**PROBLEM DESCRIPTION**
Copy out each entry precisely; no image belongs in the result.

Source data
● ● ● ●
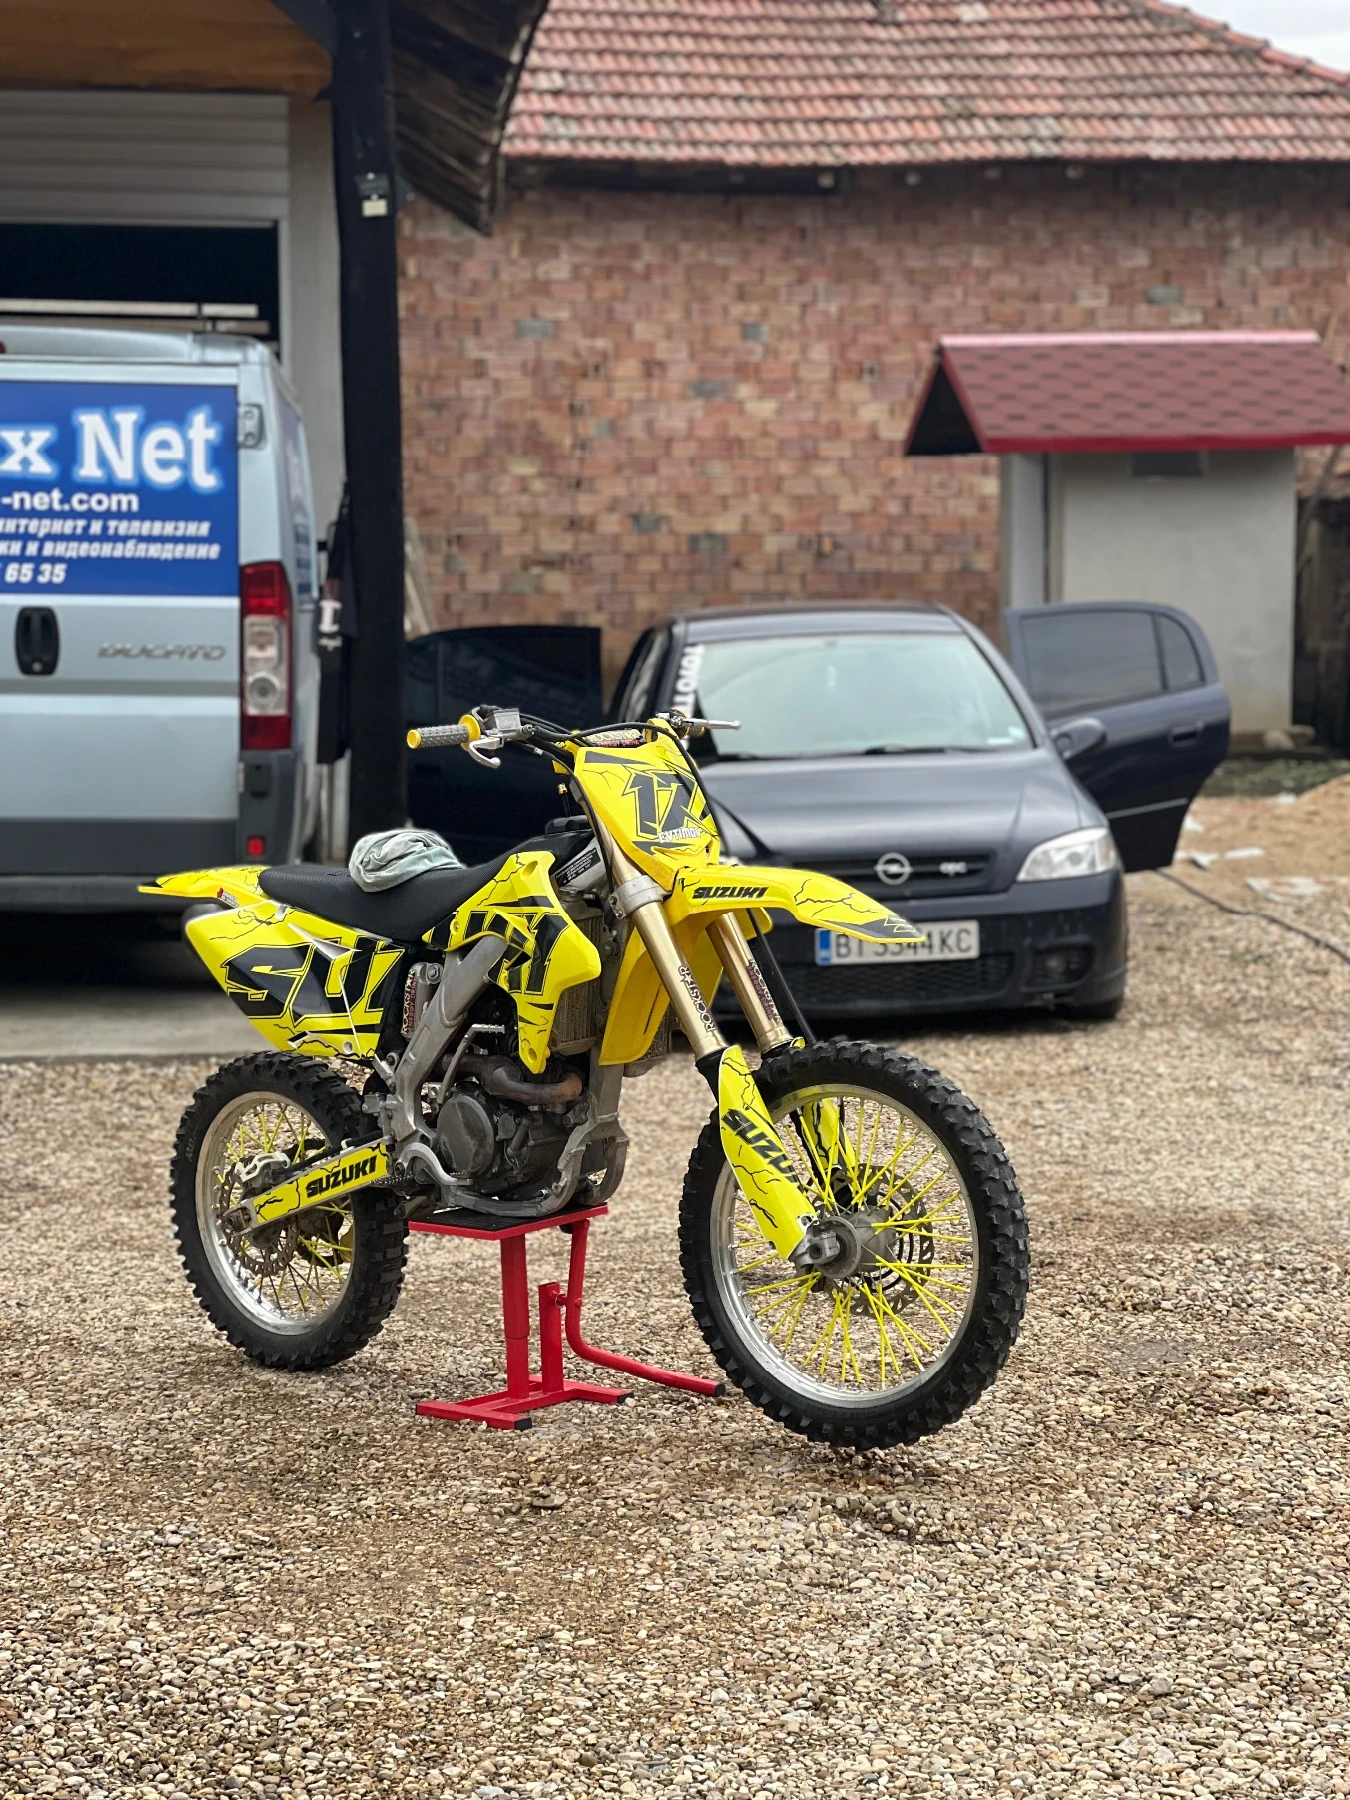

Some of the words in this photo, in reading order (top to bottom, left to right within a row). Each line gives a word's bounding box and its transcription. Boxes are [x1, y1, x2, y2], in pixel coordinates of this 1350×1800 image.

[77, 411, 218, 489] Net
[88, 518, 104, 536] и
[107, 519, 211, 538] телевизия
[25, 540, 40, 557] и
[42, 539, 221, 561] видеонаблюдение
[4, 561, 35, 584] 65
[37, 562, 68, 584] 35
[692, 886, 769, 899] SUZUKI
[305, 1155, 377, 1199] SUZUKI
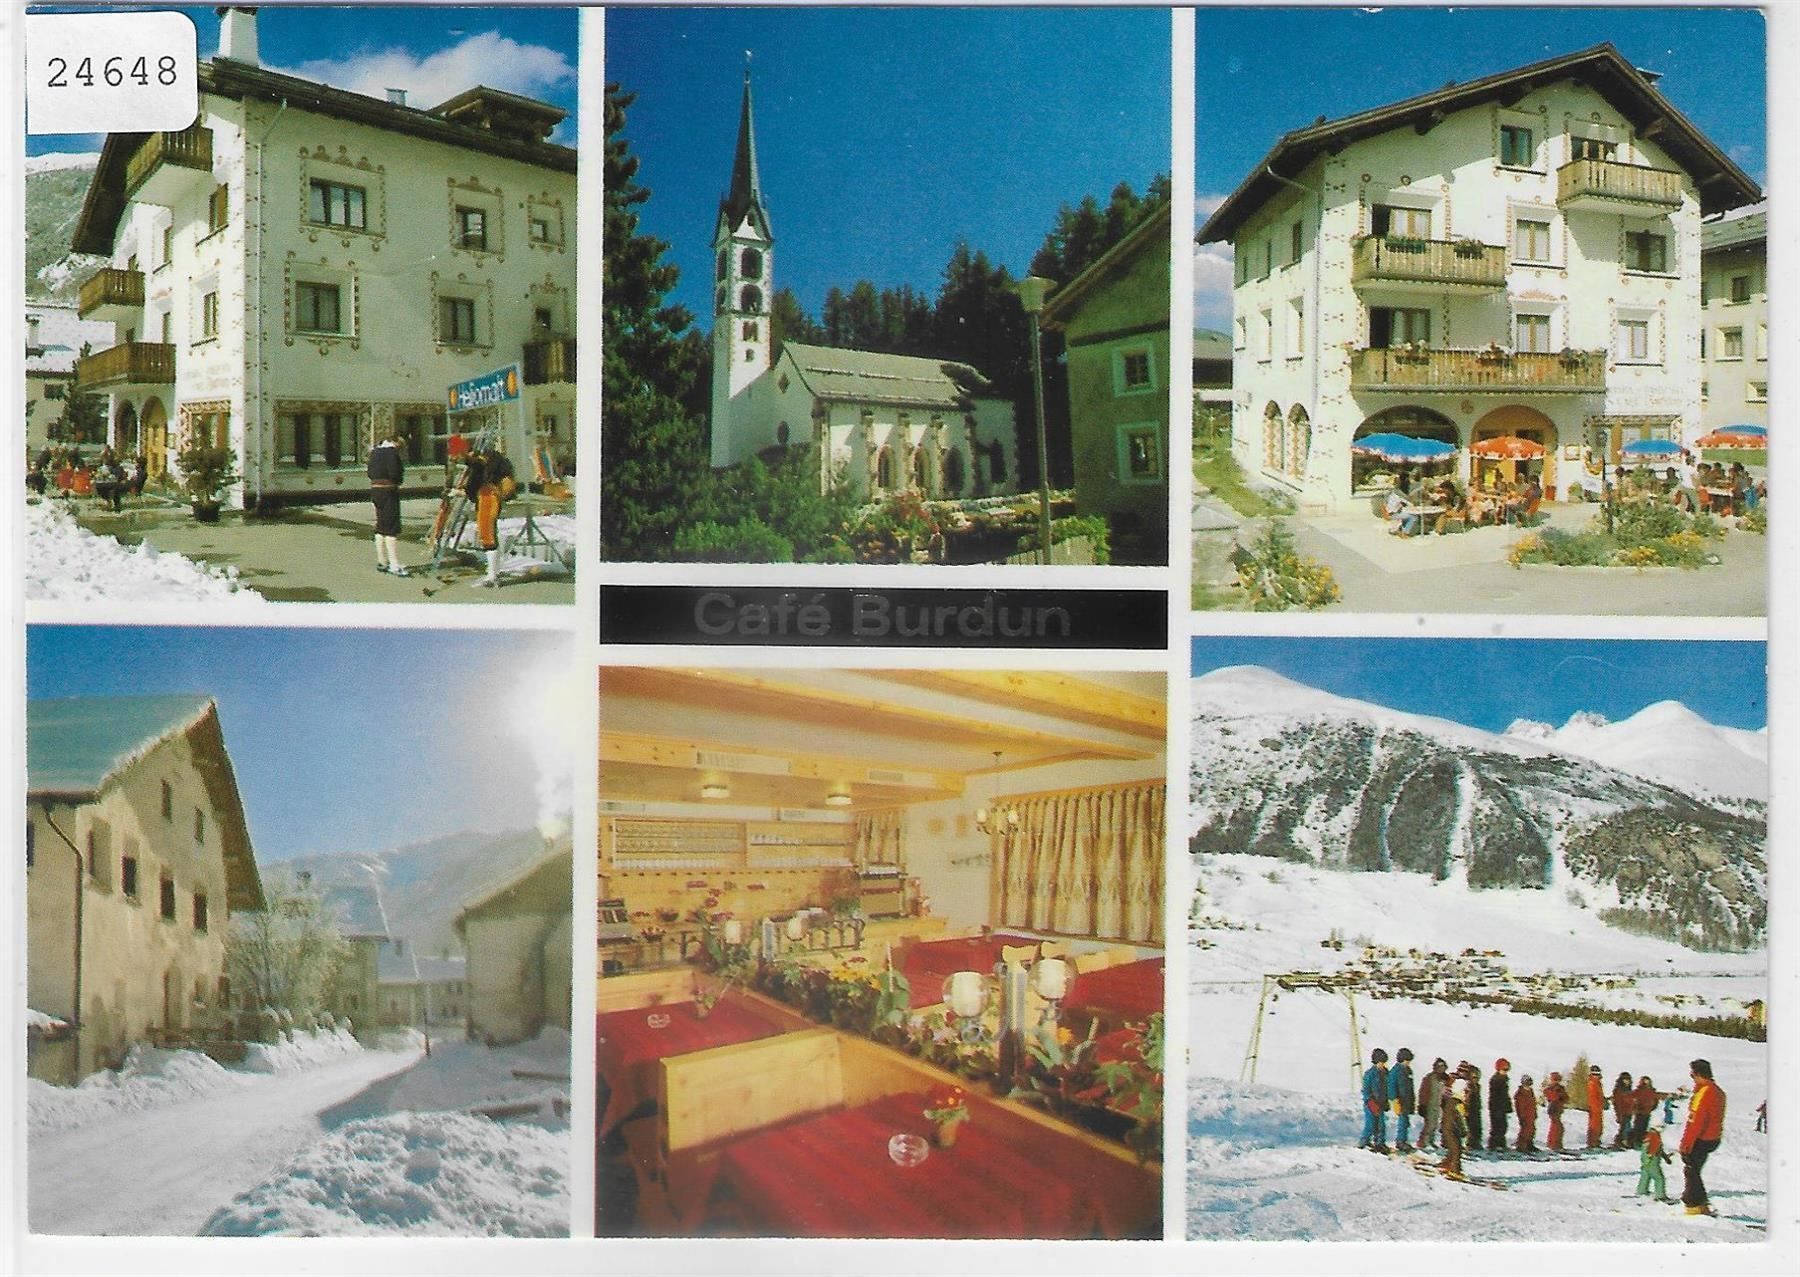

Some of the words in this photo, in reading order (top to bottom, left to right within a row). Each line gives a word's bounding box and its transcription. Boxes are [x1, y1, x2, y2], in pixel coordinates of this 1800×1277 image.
● ● ● ●
**REPLY**
Some of the words in this photo, in reading order (top to bottom, left to right within a row). Each line gives a word's bounding box and its transcription. Boxes are [x1, y1, x2, y2], in pixel coordinates of this 1350×1800 image.

[77, 411, 218, 489] Net
[88, 518, 104, 536] и
[107, 519, 211, 538] телевизия
[25, 540, 40, 557] и
[42, 539, 221, 561] видеонаблюдение
[4, 561, 35, 584] 65
[37, 562, 68, 584] 35
[692, 886, 769, 899] SUZUKI
[305, 1155, 377, 1199] SUZUKI

Some of the words in this photo, in reading order (top to bottom, left to right within a row). Each line gives a word's bounding box and its transcription. Boxes are [x1, y1, x2, y2], in pixel coordinates of this 1800×1277 image.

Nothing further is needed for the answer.